• 【MindSpore易点通】混合精度训练使用总结


    一、概述

    混合精度训练方法是通过混合使用单精度和半精度数据格式来加速深度神经网络训练的过程,同时保持了单精度训练所能达到的网络精度。混合精度训练能够加速计算过程,同时减少内存使用和存取,并使得在特定的硬件上可以训练更大的模型或batch size。MindSpore混合精度典型的计算流程如下图所示:

    1、参数以FP32存储;

    2、正向计算过程中,遇到FP16算子,需要把算子输入和参数从FP32 cast成FP16进行计算;

    3、将Loss层设置为FP32进行计算;

    4、反向计算过程中,首先乘以Loss Scale值,避免反向梯度过小而产生下溢;

    5、FP16参数参与梯度计算,其结果将被cast回FP32;

    6、除以Loss scale值,还原被放大的梯度;

    7、判断梯度是否存在溢出,如果溢出则跳过更新,否则优化器以FP32对原始参数进行更新。

    二、使用场景

    由于混合精度能带来加速计算,减少内存占用的优势,因此用户在遇到以下情况可以考虑使用混合精度:

    1、内存资源不足;

    2、训练速度较慢。

    三、使用条件

    本文档是针对以下两类使用场景的的用户:

    1、即将启动MindSpore训练代码迁移任务,并对MindSpore有基础了解;

    2、已完成MindSpore训练代码迁移任务,即有可使用的MindSpore训练代码。

    四、使用样例

    1、MindSpore高阶API使用混合精度

    MindSpore在mindspore.Model接口中做了封装,方便用户调用。具体实现步骤与编写普通训练代码过程没有区别。只需要在Model中设置混合精度相关参数,如amp_level, loss_scale_manager, keep_batchnorm_fp32。

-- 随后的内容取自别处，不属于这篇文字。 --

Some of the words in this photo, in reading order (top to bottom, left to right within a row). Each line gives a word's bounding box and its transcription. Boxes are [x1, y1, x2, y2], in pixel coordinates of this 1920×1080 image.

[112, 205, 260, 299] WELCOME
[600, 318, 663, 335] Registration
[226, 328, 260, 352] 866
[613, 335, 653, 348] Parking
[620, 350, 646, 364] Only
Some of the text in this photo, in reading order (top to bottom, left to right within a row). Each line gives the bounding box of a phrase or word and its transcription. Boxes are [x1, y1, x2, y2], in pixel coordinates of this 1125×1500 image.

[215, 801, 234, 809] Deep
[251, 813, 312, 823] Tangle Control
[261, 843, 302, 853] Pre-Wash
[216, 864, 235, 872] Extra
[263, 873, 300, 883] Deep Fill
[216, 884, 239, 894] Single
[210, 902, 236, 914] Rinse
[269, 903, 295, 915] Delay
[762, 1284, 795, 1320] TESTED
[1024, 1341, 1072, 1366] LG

    修改高阶API代码中的Model接口,将amp_level设置成"O3",网络将采用混合精度进行训练。

    net = Model(net, loss, opt, metrics=metrics, amp_level="O3")

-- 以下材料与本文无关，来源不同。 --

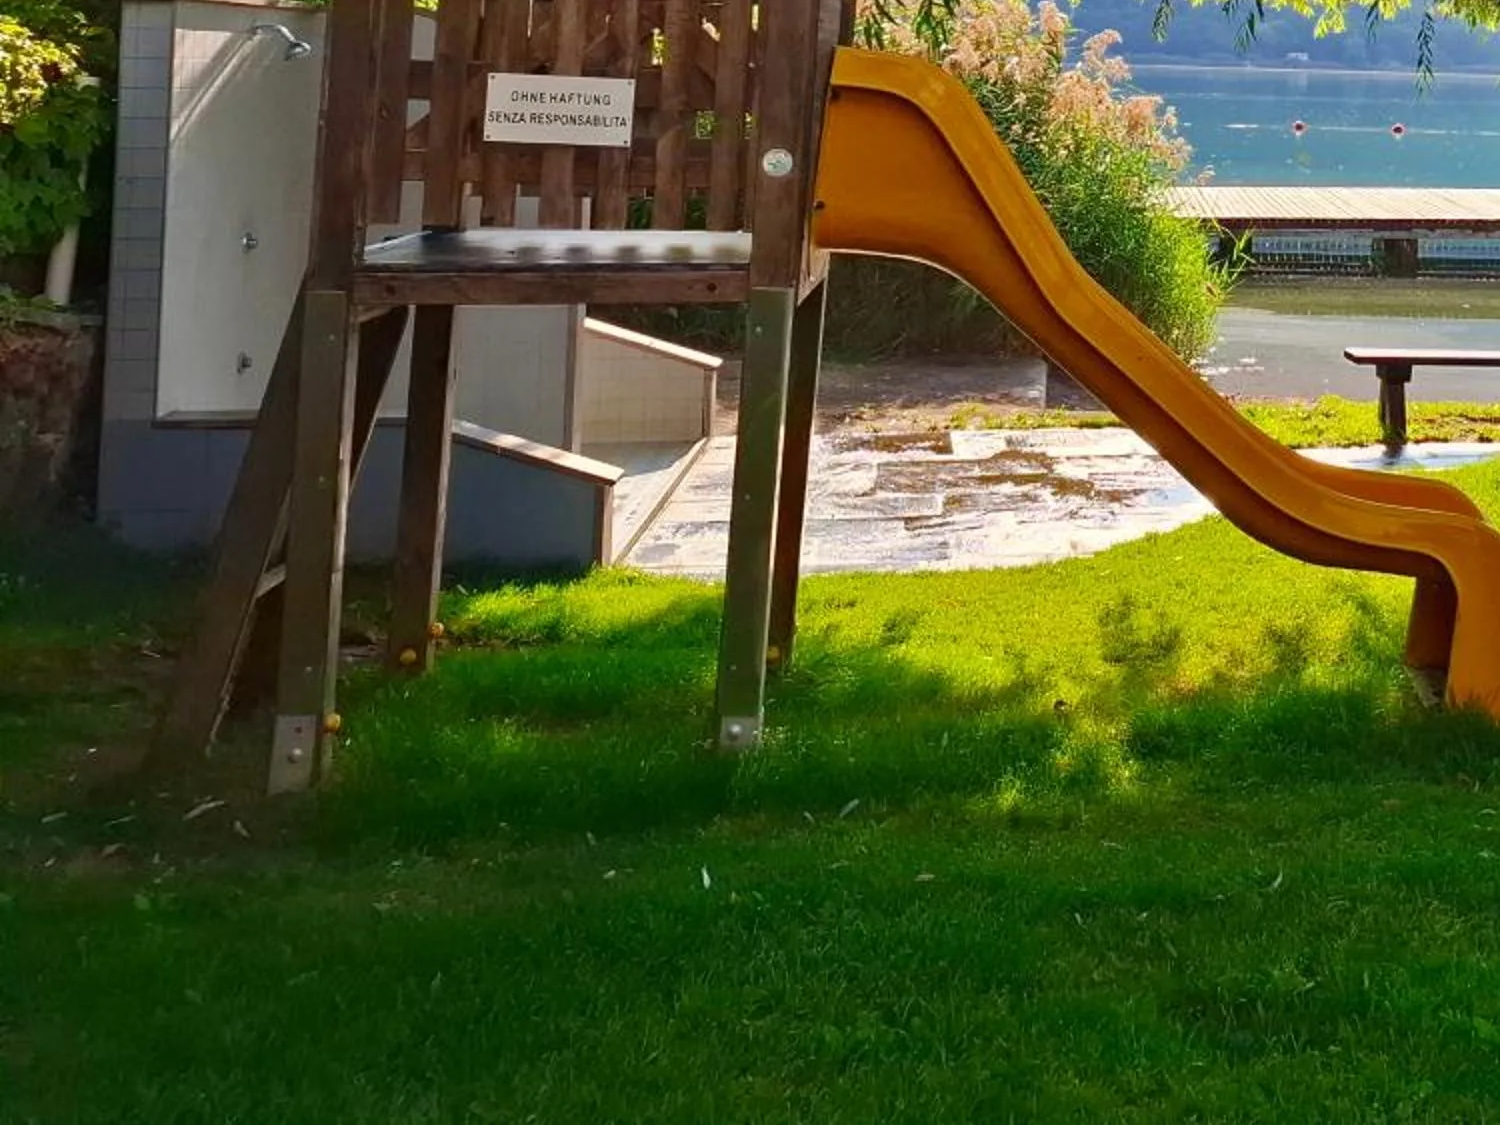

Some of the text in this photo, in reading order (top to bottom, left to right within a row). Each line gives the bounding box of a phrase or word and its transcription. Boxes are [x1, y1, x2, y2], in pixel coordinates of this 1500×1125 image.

[511, 90, 611, 106] OHNE HAFTUNG
[488, 111, 526, 124] SENZA

    2、MindSpore低阶API使用混合精度

    MindSpore低阶API使用混合精度,只需在MindSpore低阶API代码构造模型步骤中,将网络设置成混合精度进行训练。下面对比两者构造模型的区别。

    MindSpore低阶API代码中构造模型:

    1. class BuildTrainNetwork(nn.Cell):
    2.     '''Build train network.'''
    3.     def __init__(self, my_network, my_criterion, train_batch_size, class_num):
    4.         super(BuildTrainNetwork, self).__init__()
    5.         self.network = my_network
    6.         self.criterion = my_criterion
    7.         self.print = P.Print()
    8.         # Initialize self.output
    9.         self.output = mindspore.Parameter(Tensor(np.ones((train_batch_size, class_num)), mindspore.float32), requires_grad=False)
    10.     def construct(self, input_data, label):
    11.         output = self.network(input_data)
    12.         # Get the network output and assign it to self.output
    13.         self.output = output
    14.         loss0 = self.criterion(output, label)
    15.         return loss0
    16. class TrainOneStepCellV2(TrainOneStepCell):
    17.     def __init__(self, network, optimizer, sens=1.0):
    18.         super(TrainOneStepCellV2, self).__init__(network, optimizer, sens=1.0)
    19.     def construct(self, *inputs):
    20.         weights = self.weights
    21.         loss = self.network(*inputs)
    22.         # Obtain self.network from BuildTrainNetwork
    23.         output = self.network.output
    24.         sens = P.Fill()(P.DType()(loss), P.Shape()(loss), self.sens)
    25.         # Get the gradient of the network parameters
    26.         grads = self.grad(self.network, weights)(*inputs, sens)
    27.         grads = self.grad_reducer(grads)
    28.         # Optimize model parameters
    29.         loss = F.depend(loss, self.optimizer(grads))
    30.         return loss, output
    31.         
    32. model_constructed = BuildTrainNetwork(net, loss_function, TRAIN_BATCH_SIZE, CLASS_NUM)
    33. model_constructed = TrainOneStepCellV2(model_constructed, opt)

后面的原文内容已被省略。